The main takeaway is that this paper offers GoalCover as a pre-fine-tuning check: break a high-level goal into atomic subgoals interactively, score each training sample against them with an LLM, and flag gaps from the low-score explanations. The controlled corruption tests across medical QA, legal summarization, and code generation show targeted subgoals dropping 25.6% on average while non-targeted ones drop only 2.1%, with a solid effect size. The financial summarization RFT run with Qwen-3-14B then reports a small reward lift from 3.77 to 4.12 when training on the filtered data, and a bit more when adding synthetic samples aligned to the goals.

Referee Report

2 major / 2 minor

Summary. The paper introduces GoalCover, a framework to detect capability gaps in fine-tuning datasets for LLMs by interactively decomposing high-level goals into atomic subgoals, assigning LLM-based alignment scores to training samples for each subgoal, and analyzing low-scoring samples to surface missing capabilities. Validation is provided through controlled corruption experiments in three domains demonstrating that target subgoals degrade by 25.6% compared to 2.1% for non-target subgoals (Cohen's d=1.24), and a downstream reinforcement fine-tuning task on financial summarization where filtering data with GoalCover improves the LLM-judge reward from 3.77 to 4.12.
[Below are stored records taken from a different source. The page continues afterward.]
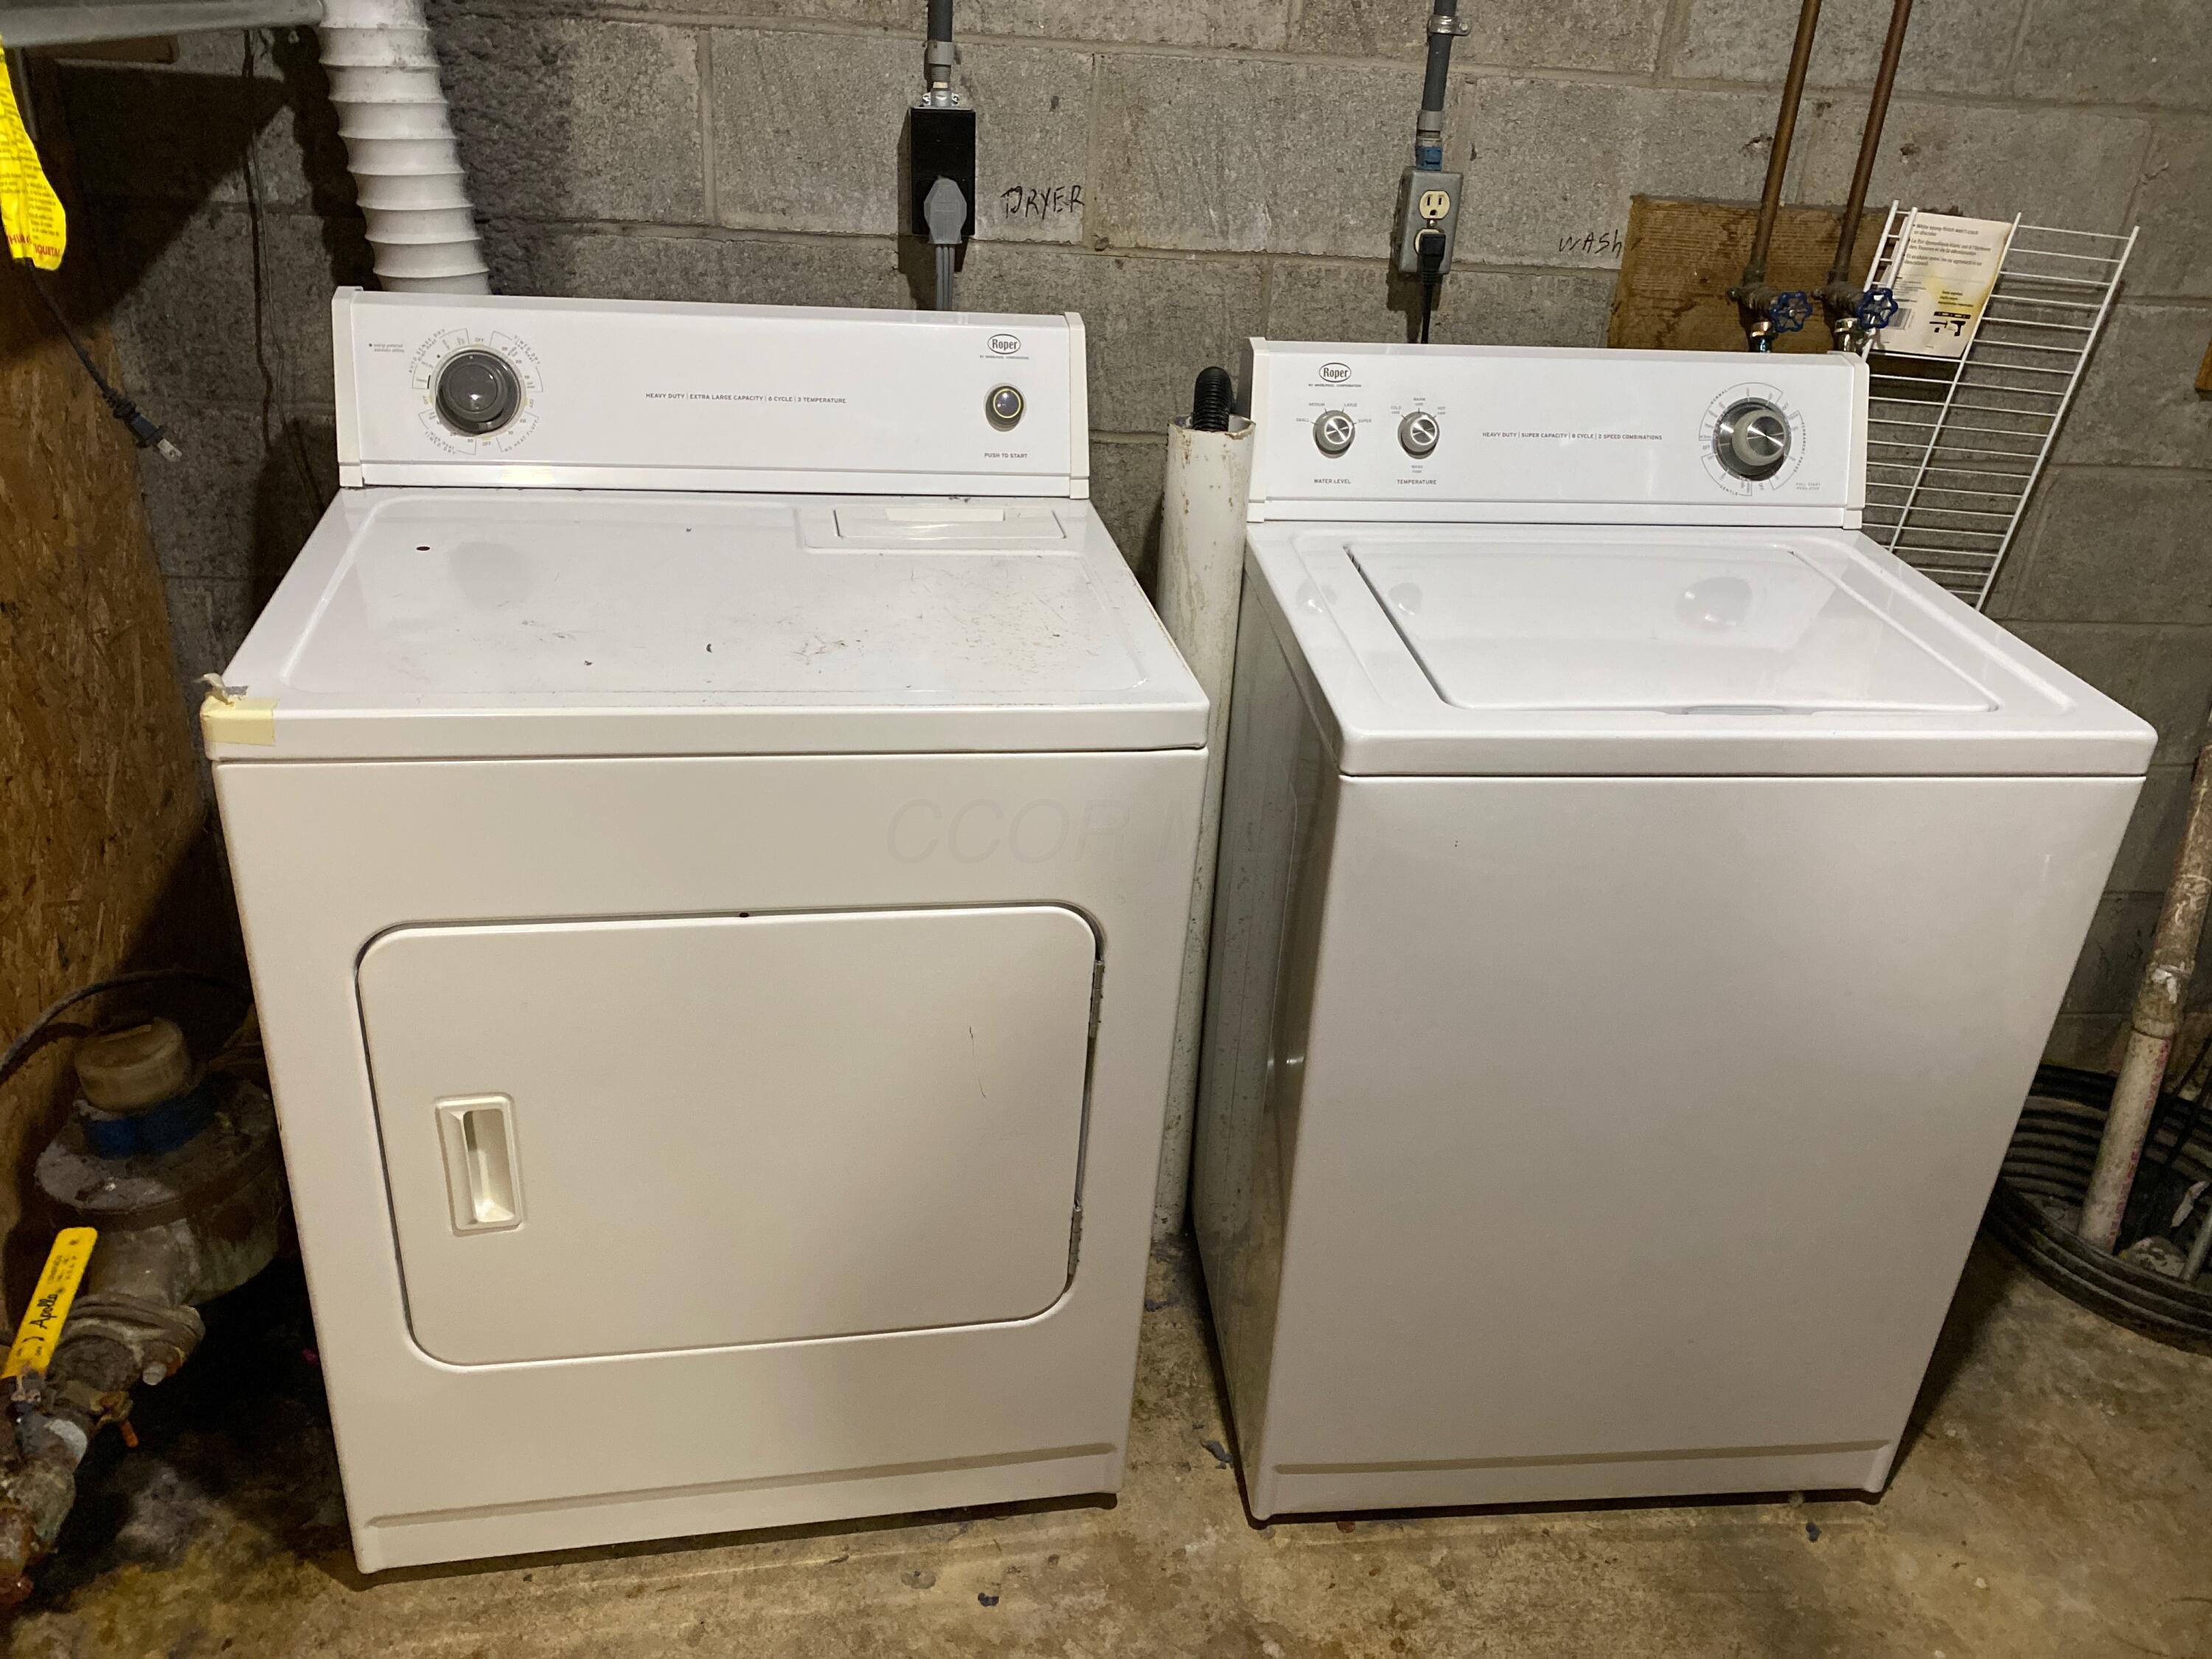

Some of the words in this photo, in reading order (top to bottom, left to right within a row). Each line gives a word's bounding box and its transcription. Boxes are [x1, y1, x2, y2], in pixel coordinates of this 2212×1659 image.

[1001, 185, 1085, 220] DRYER
[992, 338, 1018, 351] Roper
[1323, 367, 1349, 379] Roper
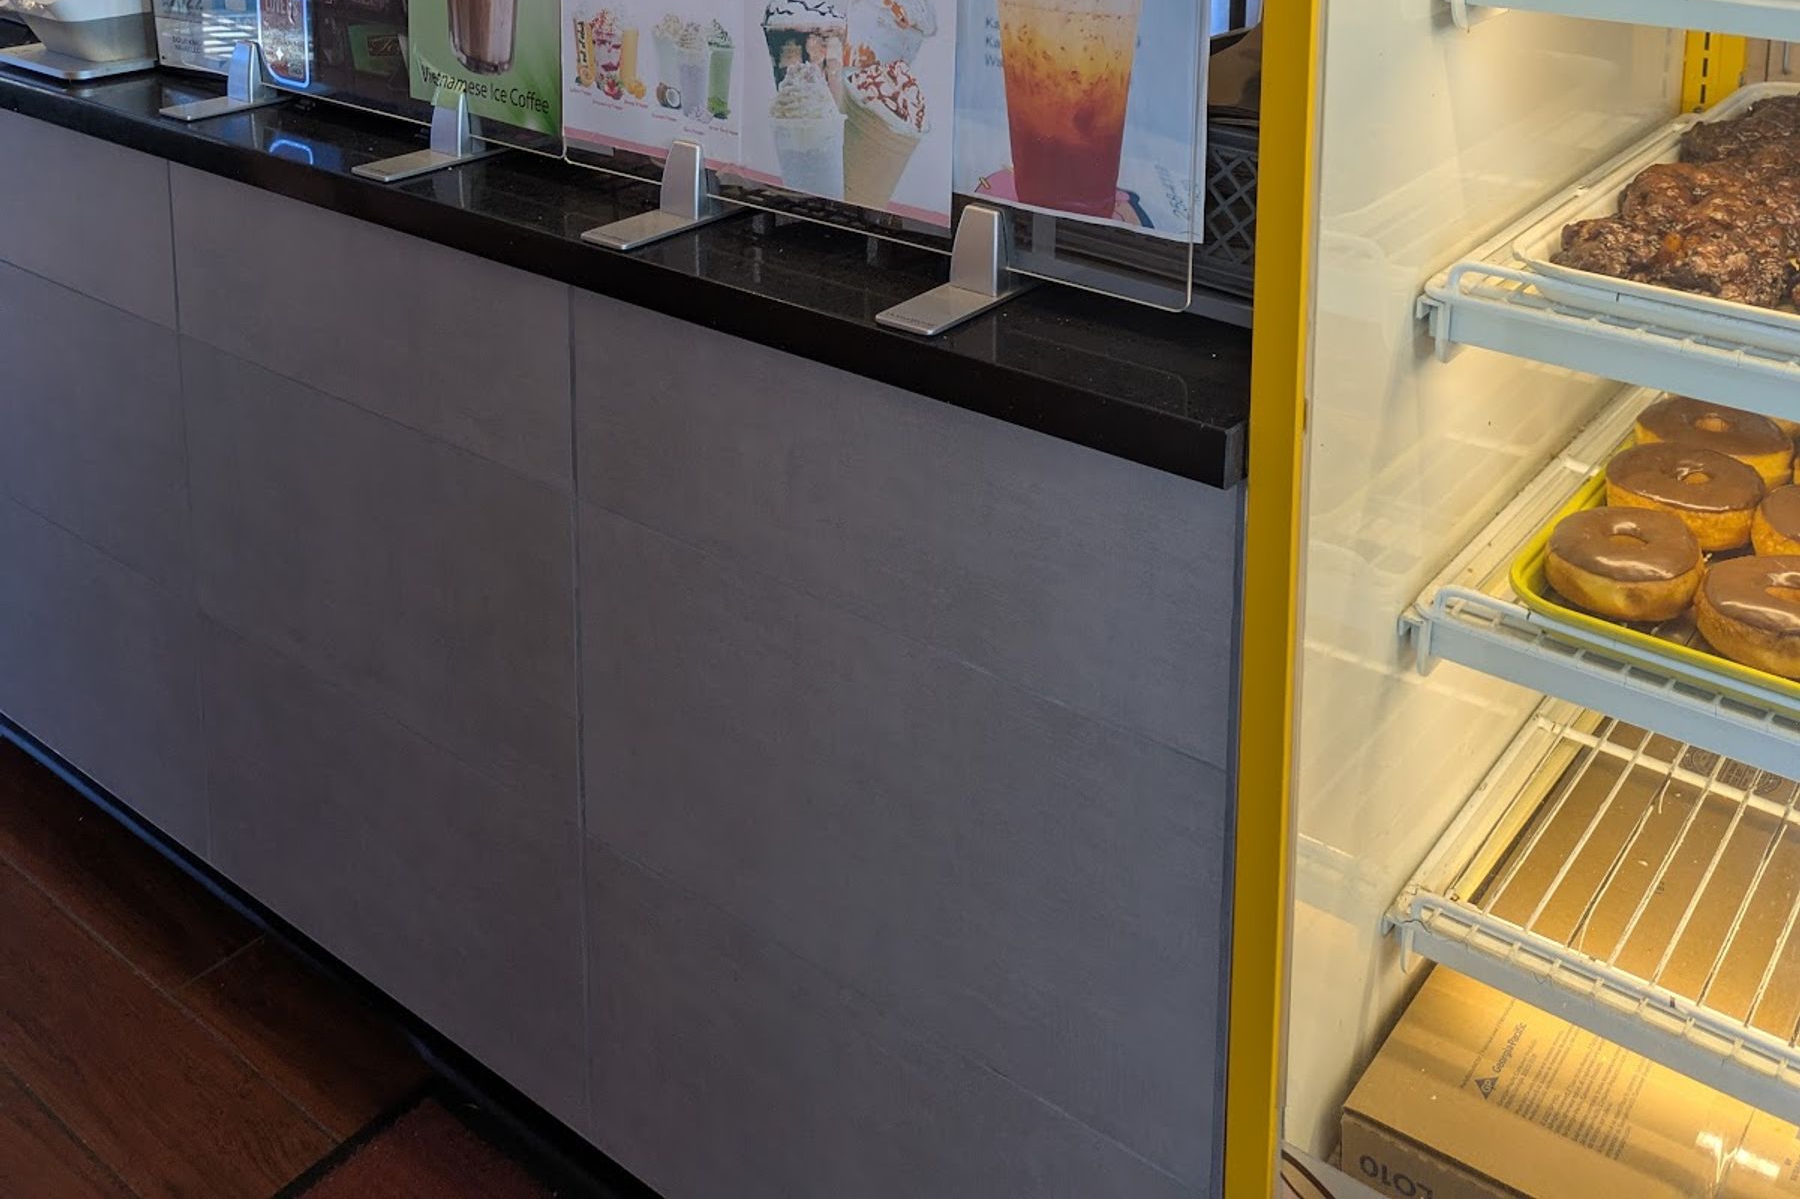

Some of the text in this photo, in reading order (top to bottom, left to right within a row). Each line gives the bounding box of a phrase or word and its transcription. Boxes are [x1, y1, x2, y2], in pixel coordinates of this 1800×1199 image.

[421, 64, 550, 114] Vietnamese Ice Coffee
Significance. If the results hold under independent validation, GoalCover could offer practitioners a systematic way to identify and address capability gaps in training data prior to fine-tuning, potentially leading to more effective domain-specific LLM adaptations and reducing the need for costly trial-and-error fine-tuning runs. The framework's use of interactive decomposition and automated analysis addresses a practical gap in current fine-tuning practices.

major comments (2)

[Validation: Controlled Corruption Experiments] The controlled corruption experiments (described in the validation section) measure degradation using the same LLM alignment scorer employed by GoalCover. This shows sensitivity to the injected artificial edits but does not demonstrate detection of genuine pre-existing capability gaps in unaltered datasets; an independent check such as human evaluation of identified gaps or correlation with external task metrics is needed to support the claim of reliable distinction.
[Validation: Downstream RFT Task] In the downstream RFT task on financial summarization with Qwen-3-14B, the reported reward improvement (3.77 to 4.12) is assessed via an LLM judge. The manuscript should demonstrate that the judge's evaluation criteria are independent of the subgoal alignment prompts, as overlap would undermine the utility claim.

minor comments (2)

[Abstract and Methods] The abstract and methods provide no details on prompt engineering for the LLM scorer, score calibration procedures, or explicit controls for LLM-judge bias; these should be added for reproducibility.
[Framework Description] Clarify the interactive decomposition protocol, including how practitioners ensure subgoals are atomic and independently evaluable without missing critical capabilities.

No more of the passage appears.